Chamomile Diddell, meanwhile, is an artist and traveler from California. She fell in love with the art community of Cambodia and traveled around the country getting inspired by the works of locals and expats in various cities and provinces. Her art flows without self-criticism, as it is something that comes to her from collective consciousness.
These two artists, who crossed paths in Cambodia just this year, are currently staging an illustration and photo exhibition at Neverland Artspace in Boeung Keng Kang 1. “Open your I” takes its audience to an artistic journey of the often disregarded beauty and meaning of the daily life in Cambodia.
Khmer Times’ Eileen McCormick visits the exhibition and speaks with the talented artists.
KT: How did you end up collaborating together?
Chamomile: I traveled from California and made my way to Southeast Asia in June. I met Miguel through Couchsurfing, where he invited me to his on-going exhibits at that time. My visa was almost up and I had plans to move on, but he approached me with the idea to extend my visa and do an exhibition together.
Miguel: I have two other exhibitions going on this month aside from the one at N o w h e r e Art Studio, one at the Plantation and another at Artillery. I have spent the last two years really trying to collaborate with other artists to set up exhibitions. This time, it worked really well because I am more into photography and she is an illustrator so we combined these aspects into a unique exhibition.
KT: Can you tell me more about the theme of “Open your I”?
Chamomile and Miguel: “Open your I” is a way to observe misconceptions and assumptions. Have you noticed how your brains automatically associate shapes with objects? Or how the way we perceive ourselves, including body and even identity, varies accordingly to observations from a stranger or our best friend? There is a discomfort in the realisation that all information our individual brain knows to be true might be, in fact, false. Since we always view things through our eyes, how do we know if what we see is really what is there? What if you could experience something without the effects brought by past experiences, context or prejudices, the lens through where you normally see the world? Just feeling a moment, a person, a situation, as it is.
KT: How did you come up with such theme?
Chamomile: I was using something basic like a can opener and was thinking about it through just my eye. While the subject and art did not exactly stay that simple, it evolved into more of a concept of everyday themes that change from person to person. I spent a week in Kampot on a farm and the first half of the week was a challenge. I have limited ability to assimilate or communicate. However on the second half of the week, more people showed up and spoke about the changing situations in the farm. That helped me come up with the concept of “Open your I”.

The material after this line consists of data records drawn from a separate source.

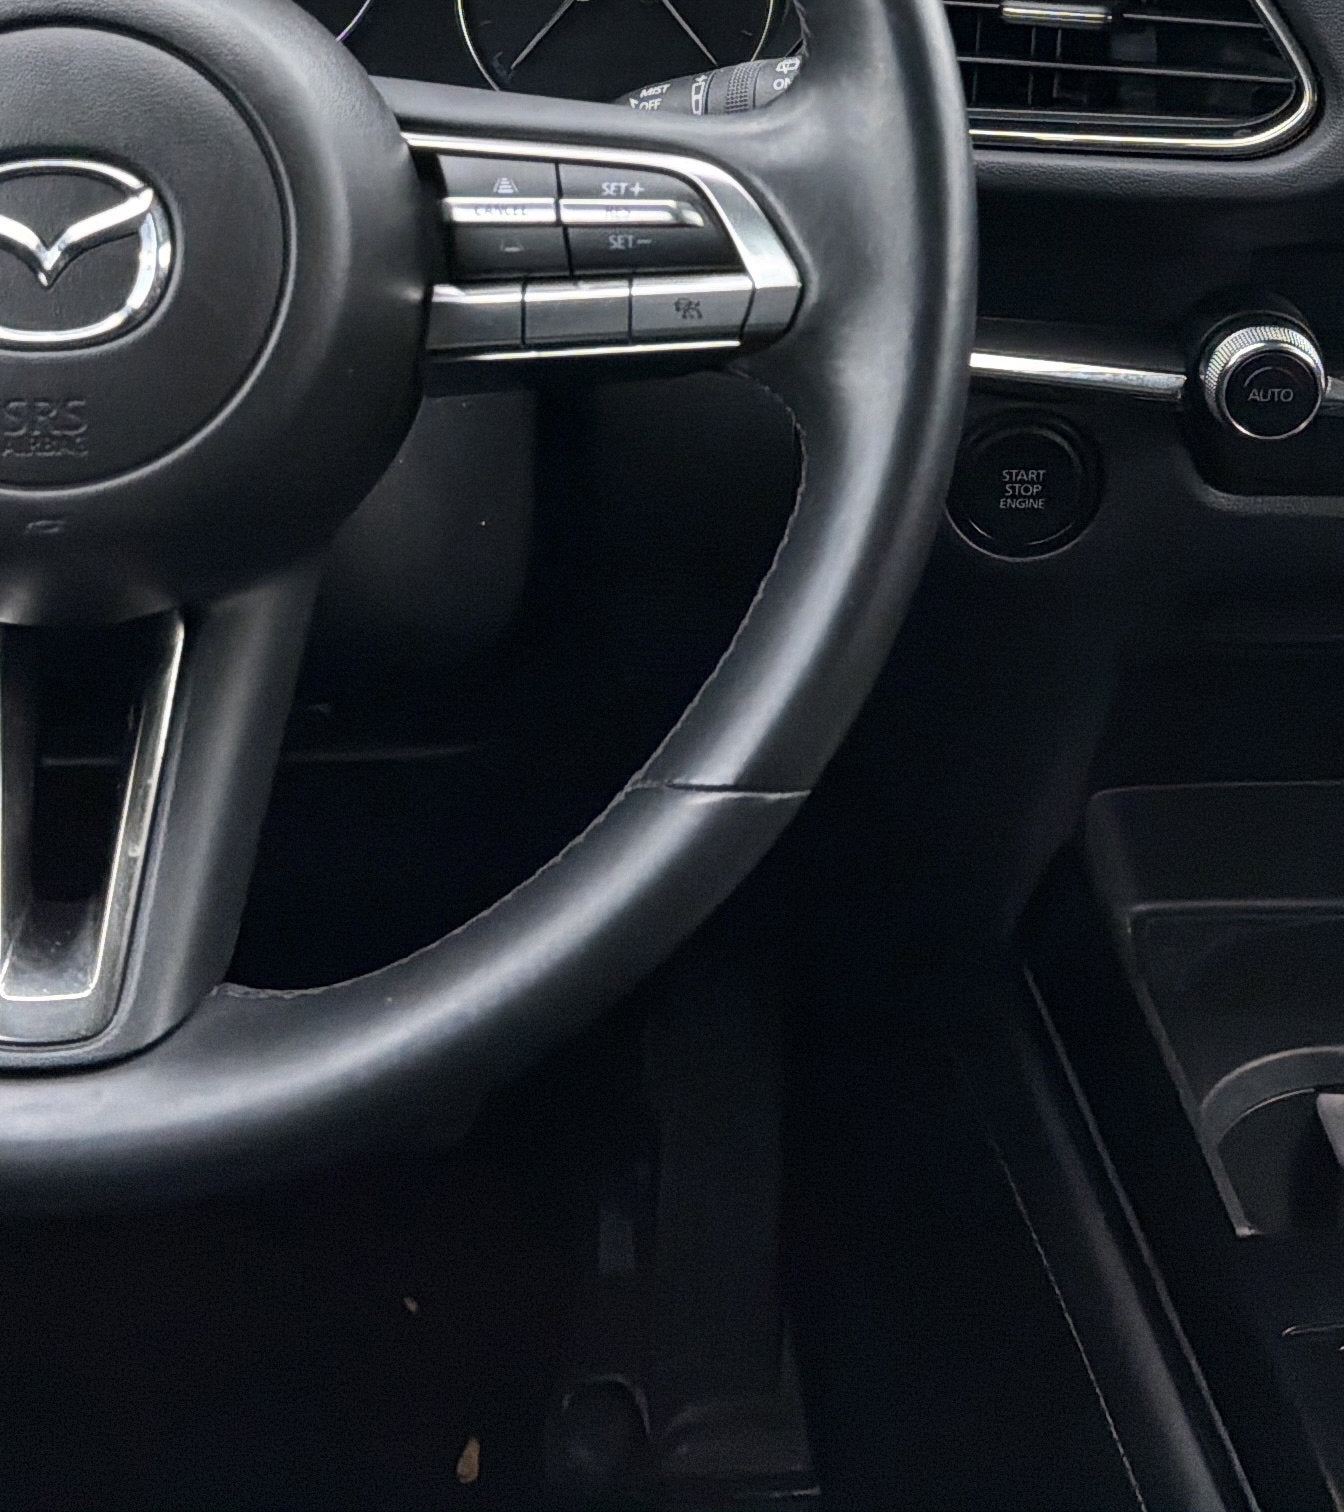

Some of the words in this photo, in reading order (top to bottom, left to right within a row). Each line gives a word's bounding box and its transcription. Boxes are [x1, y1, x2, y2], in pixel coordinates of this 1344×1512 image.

[640, 83, 672, 99] MIST
[1247, 388, 1295, 403] AUTO
[3, 399, 88, 437] SRS
[1001, 468, 1047, 483] START
[1004, 483, 1043, 497] STOP
[999, 498, 1046, 509] ENGINE

Miguel: For me, I think it came from observing Tuk-tuk drivers every day. We, including myself, gets a bit annoyed being screamed at as you walk down the road “Tuk-tuk! Tuk-tuk!”. But once you change the perception of your experience in that moment and see the drivers’ needs, things change. I have pictures of different drivers capturing the different expressions or things going on for them in any moment from suspicion to happiness. It is easy to get a wrong first impression but once you go deeper into any relationship with someone, you start to see more.
KT: What has inspired you about Cambodian art scene?

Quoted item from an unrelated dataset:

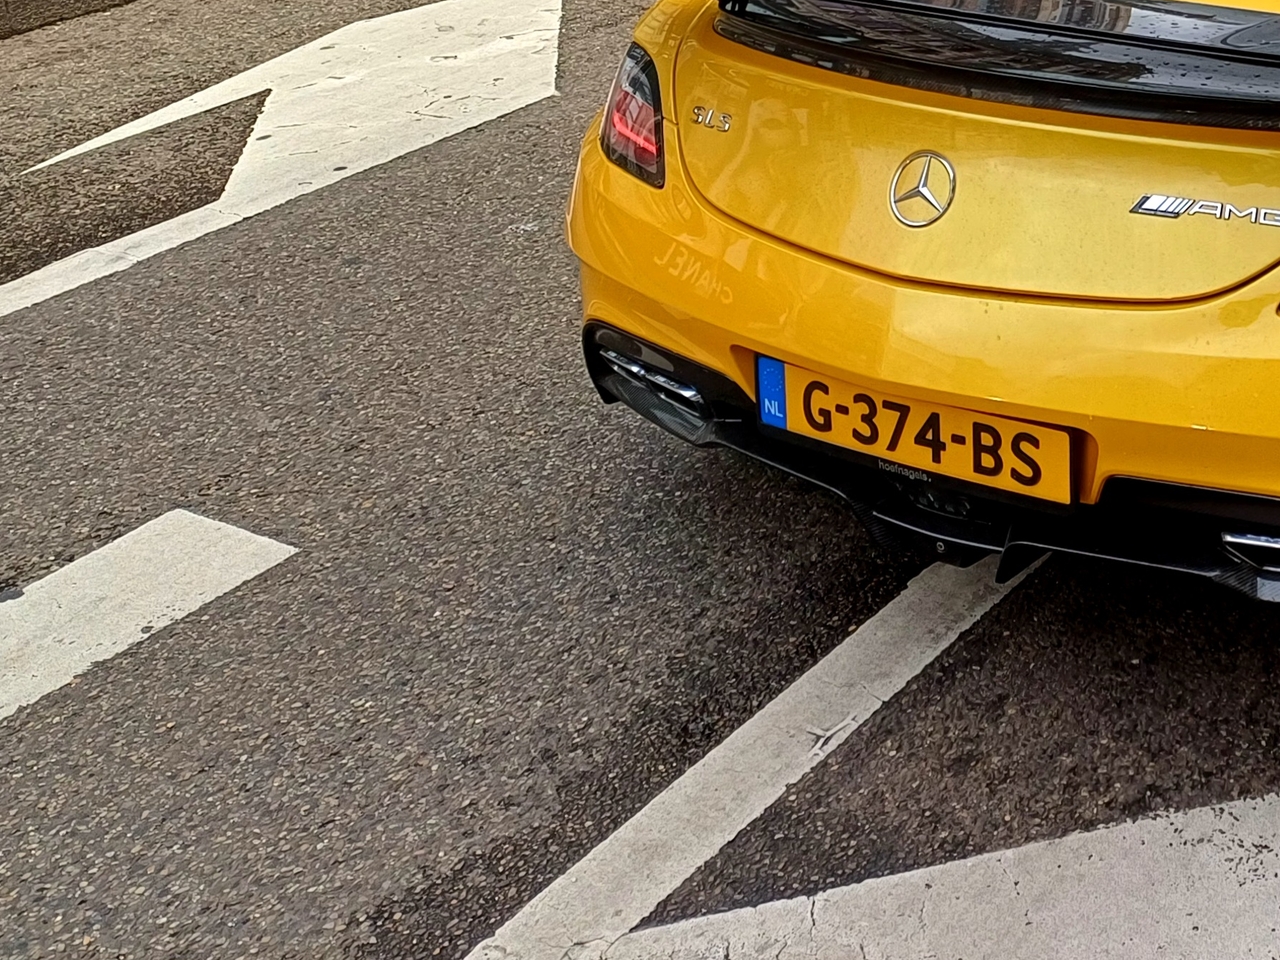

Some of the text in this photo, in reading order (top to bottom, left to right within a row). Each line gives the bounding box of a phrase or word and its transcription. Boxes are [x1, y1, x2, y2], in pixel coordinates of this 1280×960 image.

[691, 106, 733, 132] SLS
[764, 398, 784, 418] NL
[803, 380, 1042, 486] G-374-BS

Miguel: Cambodia is an interesting place to be because the people here are open minded; and there is a lot of interest in art from the younger generation. I like that art in Cambodia breaks down everyday life, like how the colours and smell of just walking into a market or pagoda make you feel like you are a part of a surrealist movie. I also think it’s amazing to look back on the fact that the history of the Khmer Rouge was a time when everyone was taught to not stand out for survival. Now however, things are evolving and I think art gets to re-establish itself, helping to shape development and culture of the kingdom.
Chamomile: Phnom Penh reminds me of Portland, Oregon because of its welcoming and open vibe. One thing that has impacted me in my art is the way the traffic flows. When I got to Cambodia, I was blocked creatively, but the art community and the way the traffic works itself out somehow pushed me to want to create again. So yes, I guess the organised chaos that exists in Cambodia is something unique. It creates an interesting space for artists.